PDIP Beri Dukungan Penuh Atas Pelantikan Megawati Jadi Ketua Dewan Pengarah BRIN
Megawati Soekarnoputri/ Antara

Bagikan:

JAKARTA - PDI Perjuangan memberi selamat dan bangga atas keputusan Presiden Joko Widodo (Jokowi) melantik Megawati Soekarnoputri menjadi Ketua Dewan Pengarah Badan Riset dan Inovasi Nasional (BRIN).

Sekjen PDIP Hasto Kristiyanto mengatakan partainya mendukung dan berharap keberadaan struktur Dewan Pengarah BRIN ini mampu membawa Indonesia untuk berkompetisi di dunia dan berdikari dengan menempat riset dan inovasi sebagai pilar.

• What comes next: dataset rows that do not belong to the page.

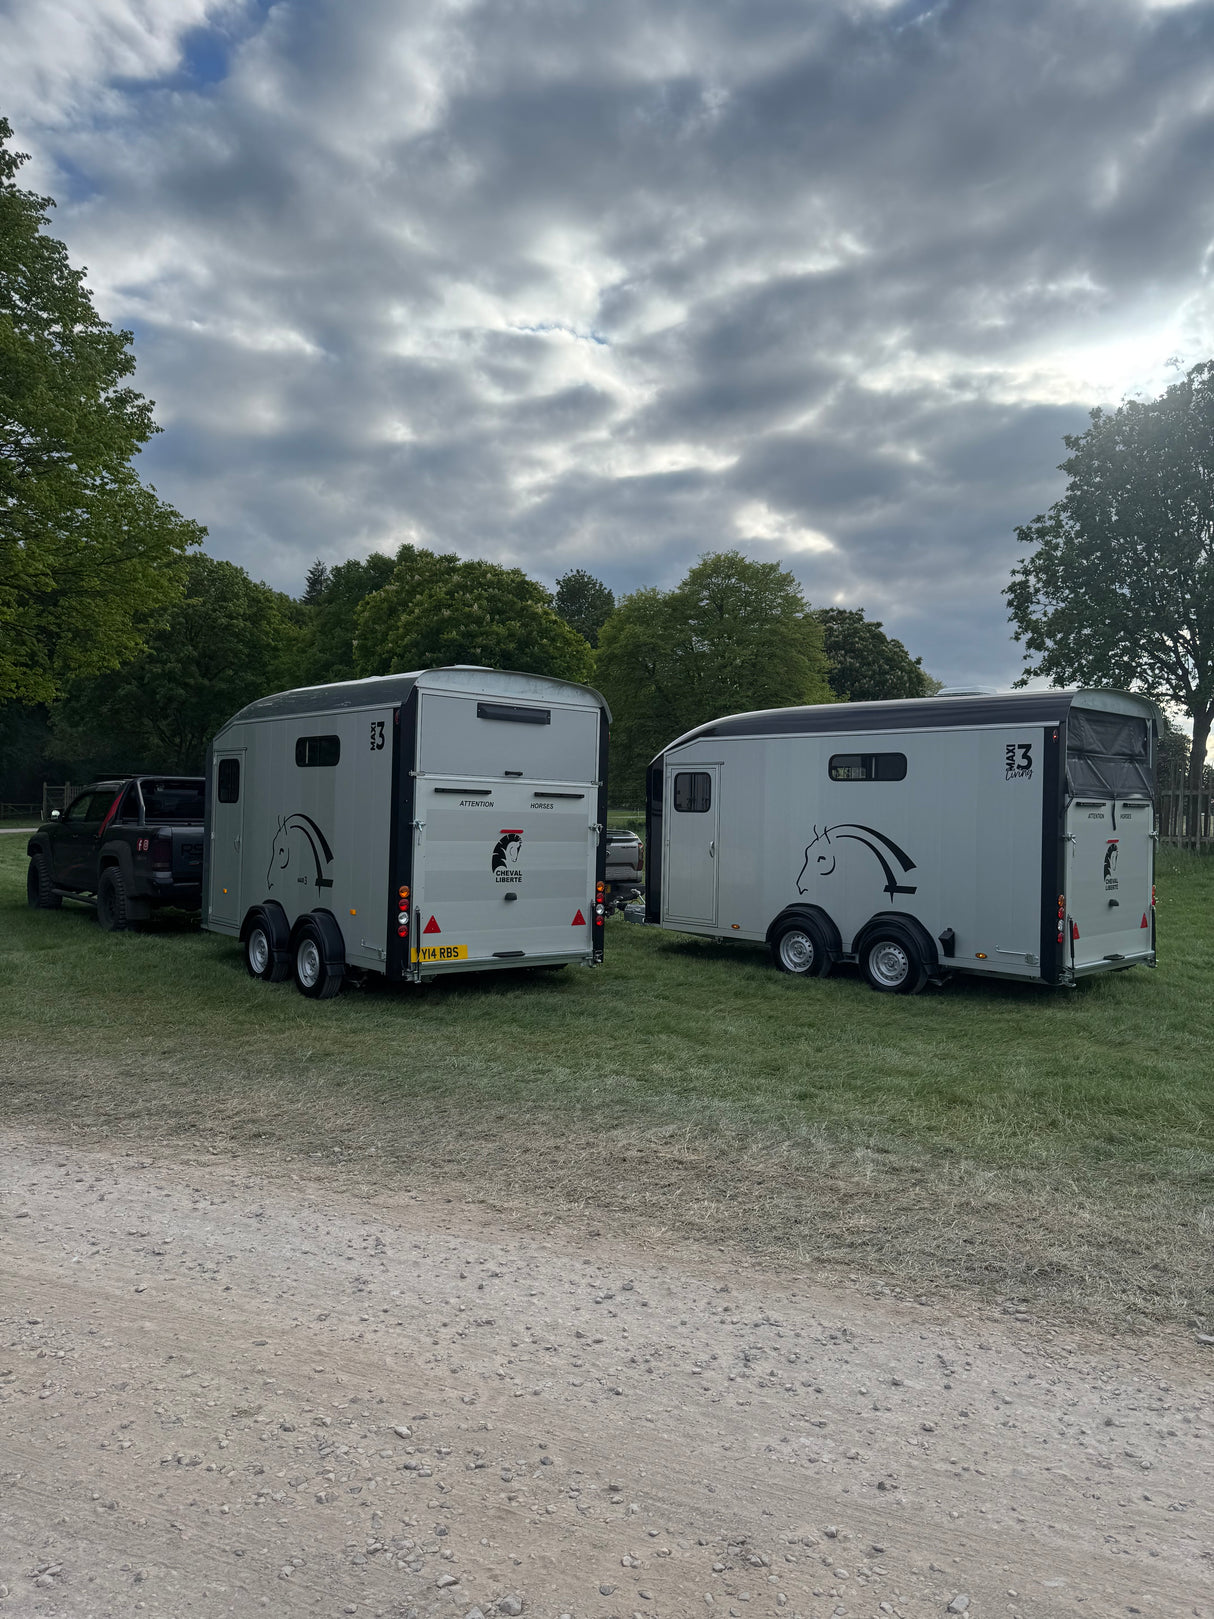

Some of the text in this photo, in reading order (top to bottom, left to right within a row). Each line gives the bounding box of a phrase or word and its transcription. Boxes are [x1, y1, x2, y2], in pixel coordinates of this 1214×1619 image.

[376, 721, 385, 750] 3
[1006, 744, 1016, 771] MAXI
[1016, 744, 1032, 770] 3
[1005, 768, 1033, 781] Living
[459, 800, 494, 808] ATTENTION
[421, 946, 459, 960] Y14 RBS

"Keputusan Presiden Jokowi yang menempatkan BRIN sebagai infrastruktur kemajuan bangsa melalui penguasaan ilmu pengetahuan dan teknologi dengan menempatkan riset dan inovasi sebagai pilar Indonesia Berdikari mendapat dukungan penuh dari PDI Perjuangan," kata Hasto dalam keterangan tertulisnya, Rabu, 13 Oktober.

Selain itu, keputusan Presiden Jokowi untuk menempatkan Ketua Dewan Pengarah Badan Pembinaan Ideologi Pancasila (BPIP) ex officio menjadi sebagai Ketua Dewan Pengarah BRIN adalah keputusan yang tepat. "Karena riset dan inovasi harus digerakkan oleh ideologi bangsa agar Indonesia benar-benar berdaulat, berdikari, dan bangga dengan jati diri kebudayaannya," ujar Hasto.

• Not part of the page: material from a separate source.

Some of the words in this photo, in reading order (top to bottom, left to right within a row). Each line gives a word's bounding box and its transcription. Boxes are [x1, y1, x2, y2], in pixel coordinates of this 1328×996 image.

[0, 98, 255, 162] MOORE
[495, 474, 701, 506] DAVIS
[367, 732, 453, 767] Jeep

"Kebijakan pembangunan pun harus berlandaskan pada riset dan inovasi ilmu pengetahuan serta teknologi, yang berpedoman pada ideologi Pancasila," imbuhnya.

Lagipula, Ketua Umum PDIP Megawati Soekarnoputri yang kini menjabat sebagai Ketua Dewan Pengarah BRIN adalah orang yang konsisten menyuarakan pentingnya penguasaan ilmu dasar, riset, dan inovasi. Tak hanya itu, kata Hasto, Megawati juga kerap memperjuangkan anggaran penelitian sebesar 5 persen dari Pendapatan Domestik Bruto (PDB).

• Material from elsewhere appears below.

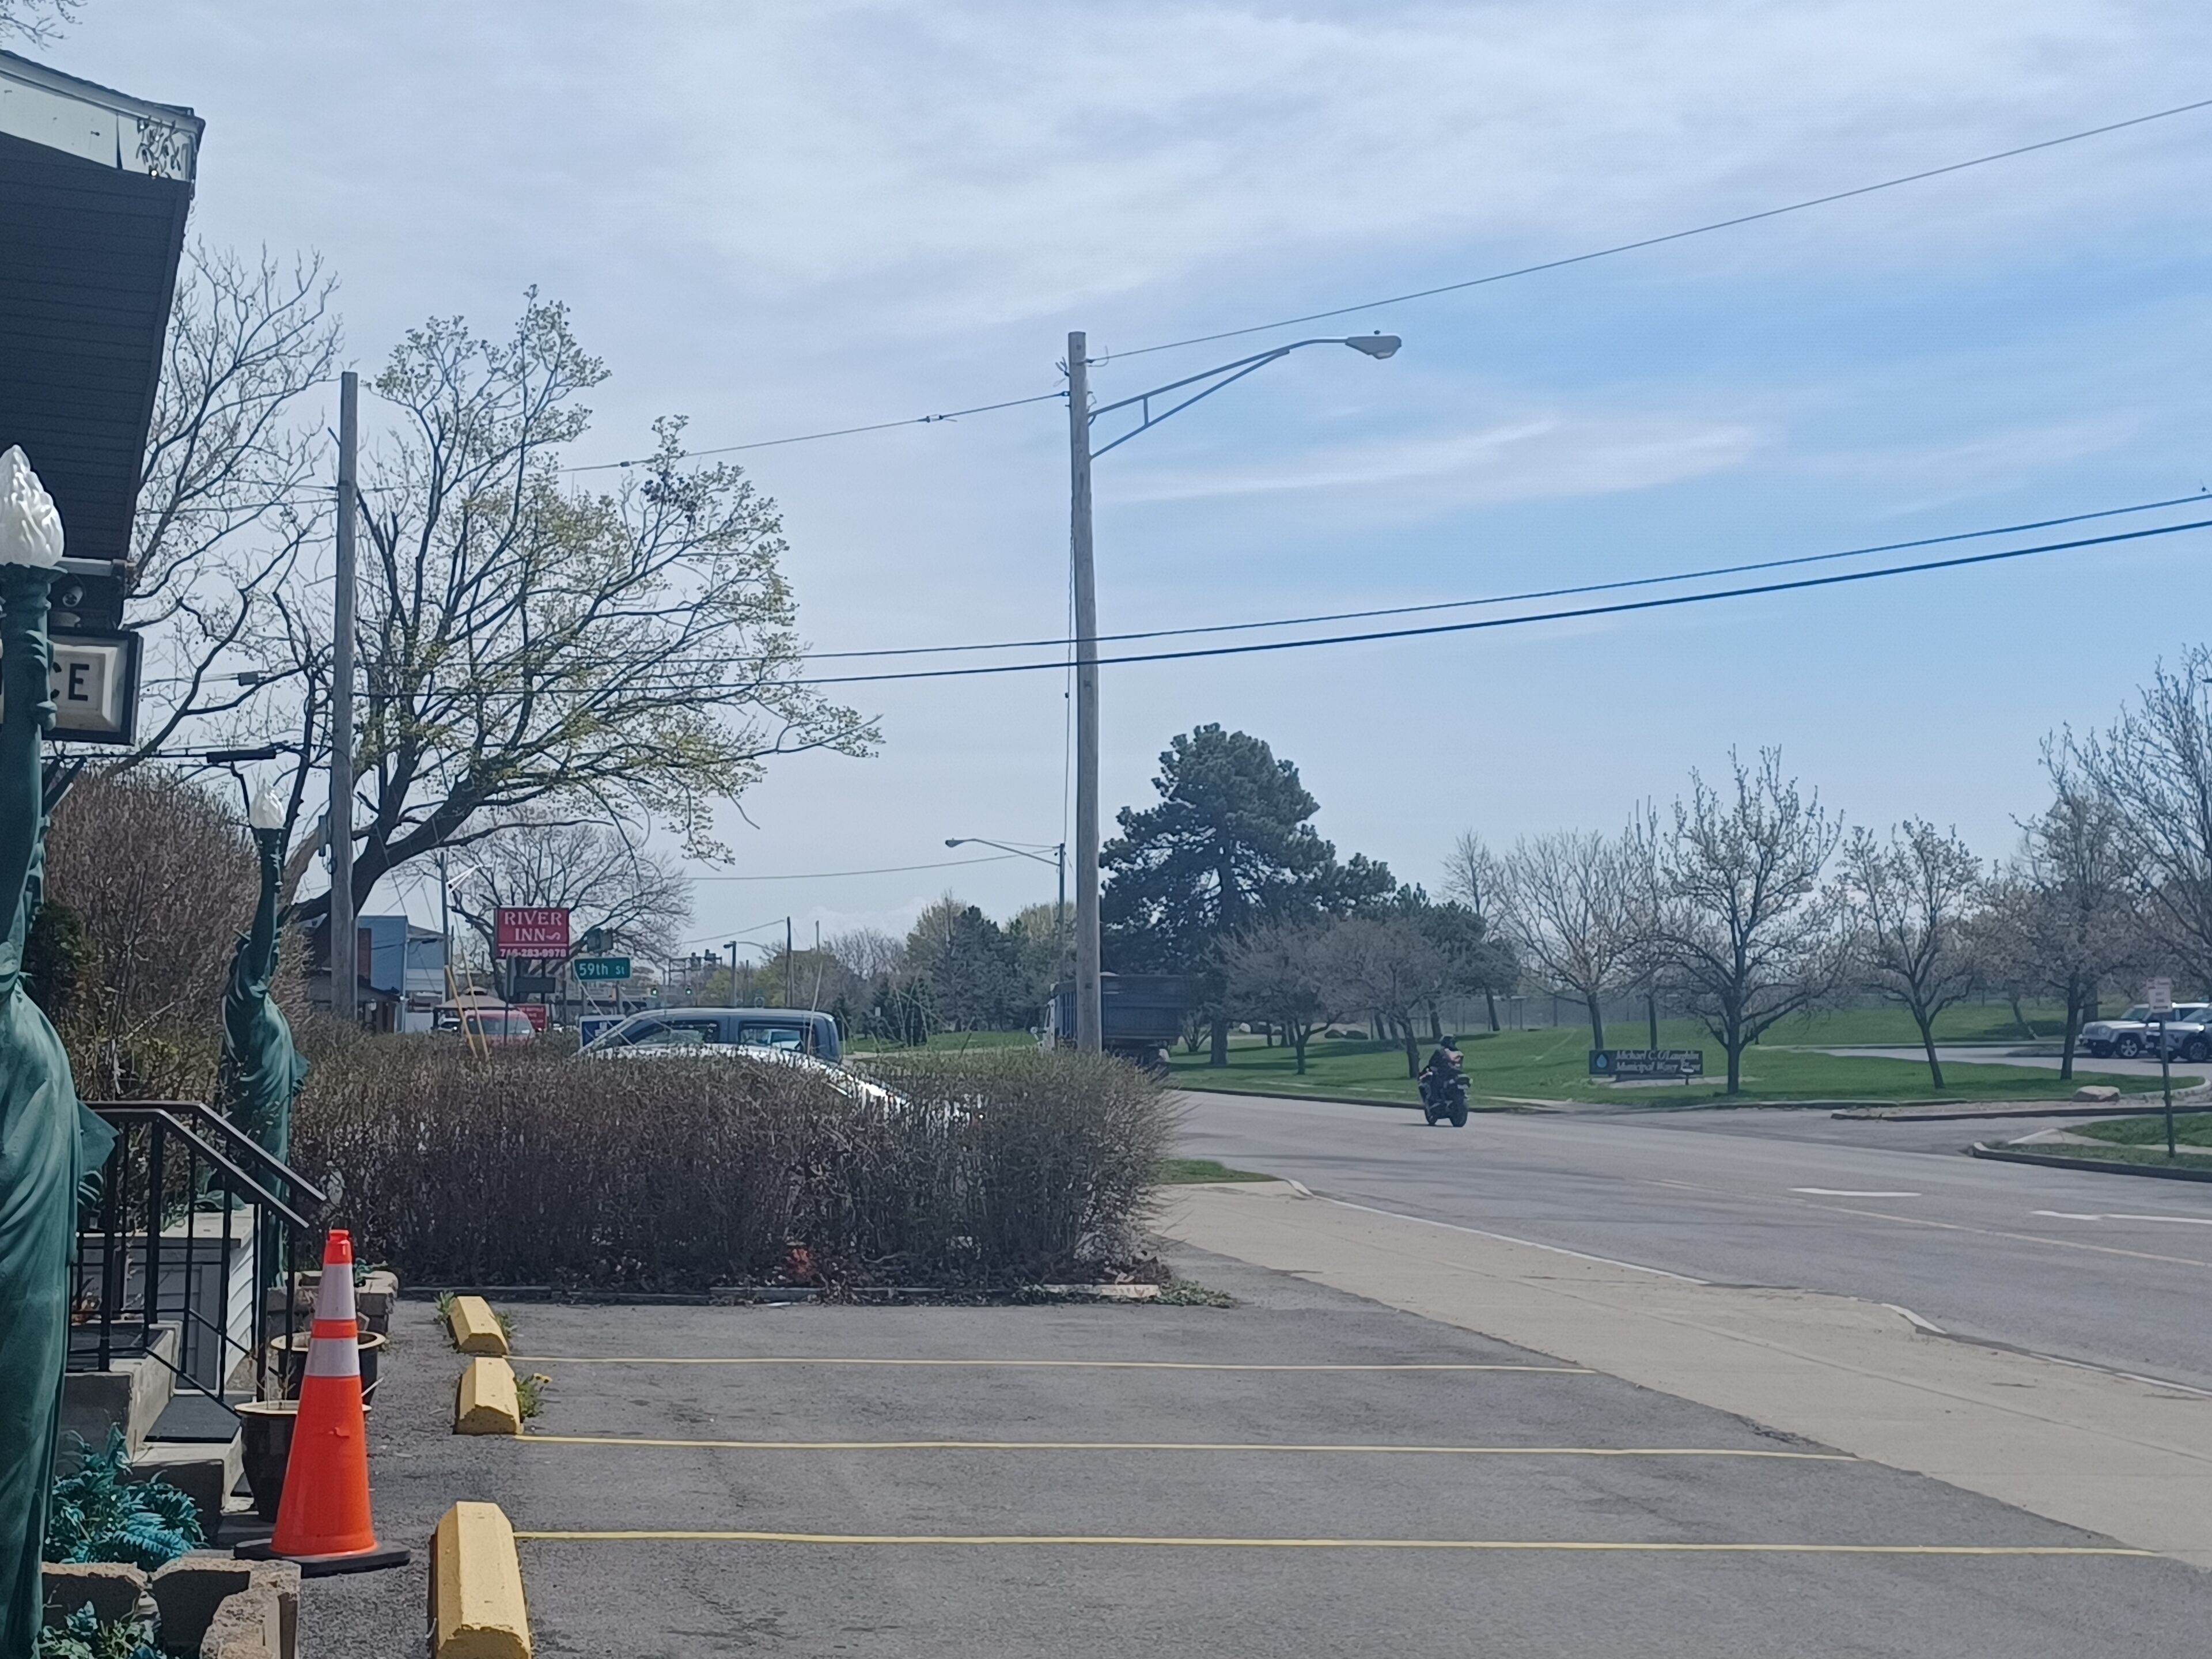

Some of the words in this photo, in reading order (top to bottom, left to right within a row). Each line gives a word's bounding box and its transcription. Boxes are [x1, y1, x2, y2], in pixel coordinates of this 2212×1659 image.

[504, 910, 562, 926] RIVER
[514, 928, 546, 942] INN
[579, 963, 608, 976] 59th

"Ibu Megawati juga penggagas awal dari BRIN, dengan mengusulkan kepada Presiden Jokowi agar BRIN hadir menjabarkan politik Indonesia Berdikari, dengan memfokuskan diri pada penelitian untuk manusia Indonesia, flora, fauna dan teknologi itu sendiri," ungkapnya.

"Kepedulian Ibu Megawati itu merupakan bentuk dukungan yang kongkret untuk pengembangan riset dan inovasi nasional yang memang memerlukan sumber daya finansial yang besar," tambah Hasto.


Lebih lanjut, dia mengatakan riset dan inovasi adalah kata kunci kemajuan bangsa. Sehingga, Hasto berharap BRIN menjadi kapal yang mengatasi masalah duplikasi riset dan kesimpangsiuran tata kelola riset di Indonesia serta mengelola sumber daya manusia.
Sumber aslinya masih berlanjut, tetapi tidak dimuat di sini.